Should we change the names just because they are European? Ought we not look at what was the contribution to the city by the person after whom the road was initially named and whether it is still worth commemorating? JW Madeley was Special Engineer for Waterworks and Drainage and it was under his supervision that most of the drains in Madras were laid. He is remembered in Madeley Road in T Nagar. It was said of him by J Chartres Molony, a President of the Madras Corporation that “he never promised what he did not perform and he made the interests of his employers his own”. His employers incidentally were the same civic body that now plans to erase his memory. Molony is also remembered by way of a road that bears his name in T Nagar. He penned his memories of Madras and the Presidency in a book titled A Book Of South India and his love for the city comes through in it. Does he deserve being forgotten? What about JR Coats, Engineer for the city and under whose supervision new areas were developed? What about Sir AT Arundale whose brainchild was Victoria Public Hall, now being splendidly restored? And can we forget Charles Trevelyan who not only gave us People’s Park but also built a basin for augmenting the city’s water supply with the road leading to it even now called Trevelyan Basin Road? And should Conran Smith be erased even though his statue remains well-tended for right within the portals of Ripons Building? Will Annie Besant be a part of this list? What about Dr GS Arundale (Arundale Beach Road), Col Olcott (Olcott Kuppam) and Ripon himself?
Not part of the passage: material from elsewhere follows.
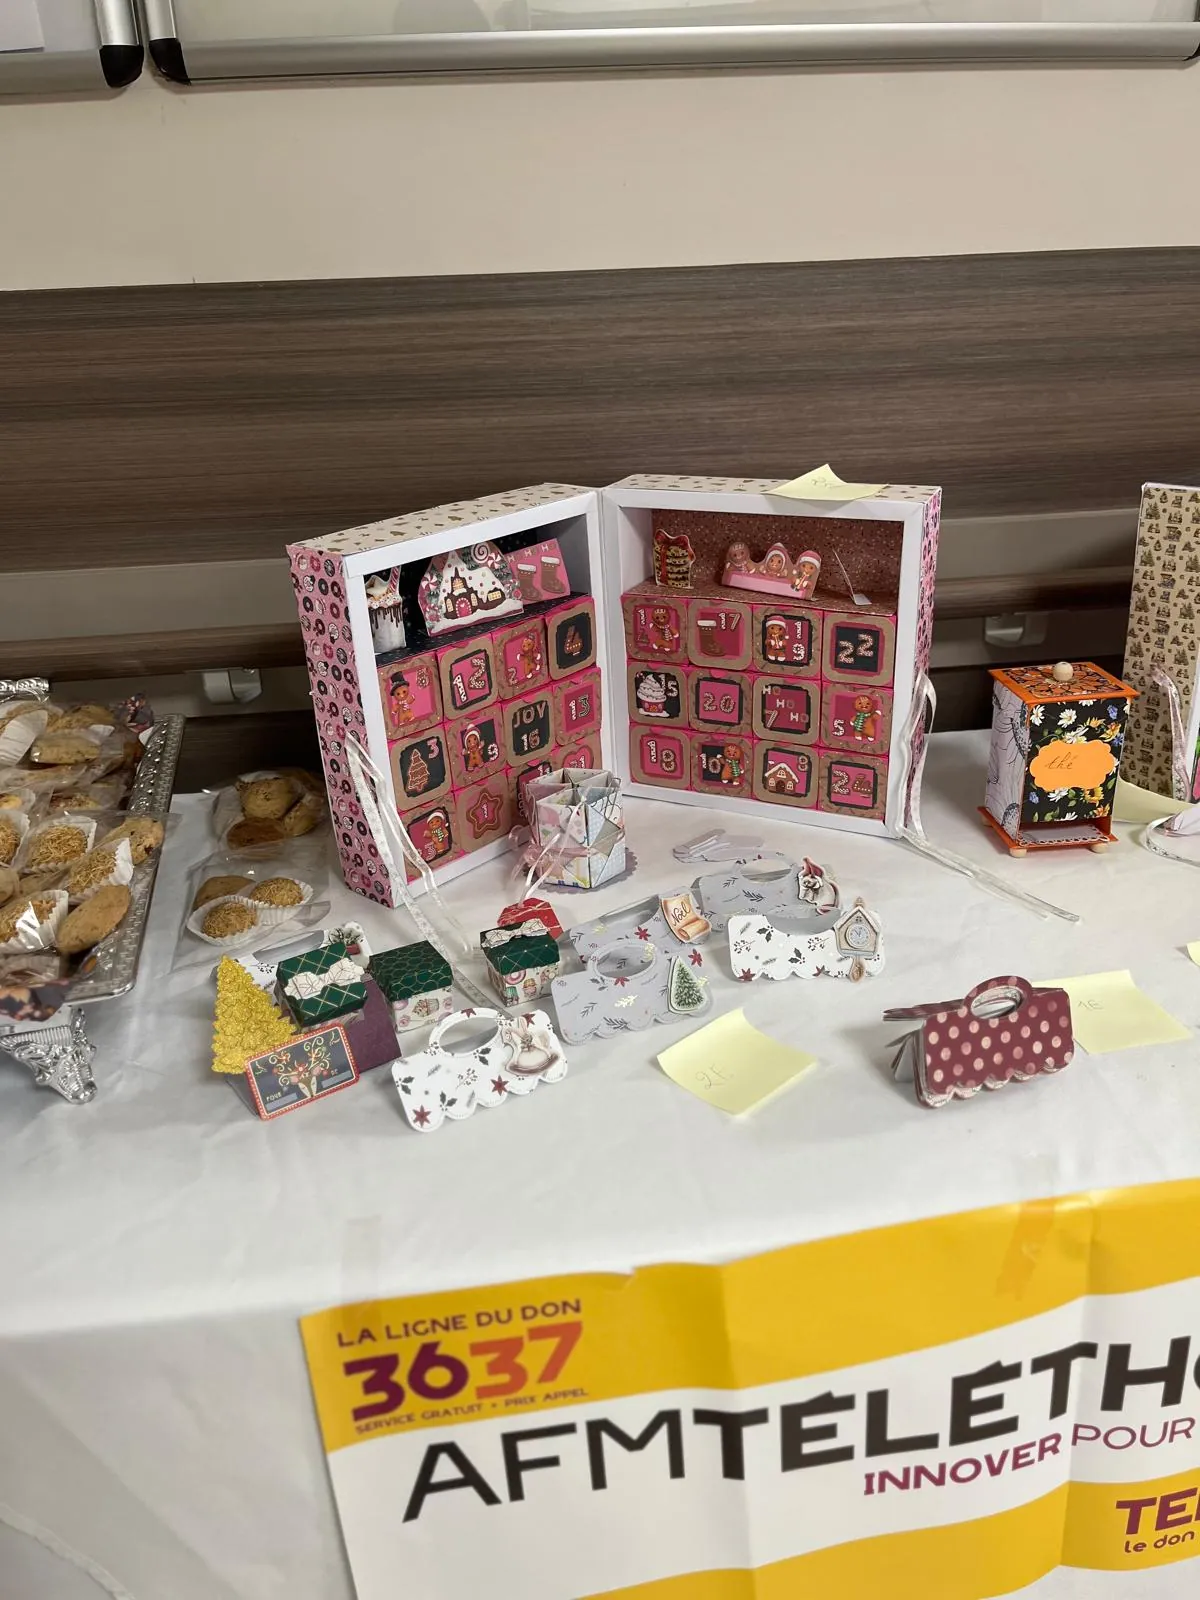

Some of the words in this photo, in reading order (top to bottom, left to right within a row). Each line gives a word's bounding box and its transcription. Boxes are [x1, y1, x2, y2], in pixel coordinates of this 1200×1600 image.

This correspondent would like to suggest two better ways to deal with the exercise. Have a committee go in to the merits and de-merits of remembering a particular foreigner by way of a road name. In case the name does not warrant commemoration let us by all means rename the road. Alternatively, with Chennai now an ever-expanding metropolis can we not have Tamil scholars commemorated with street names in the new areas that are coming up? Why create confusion by renaming roads in existing areas?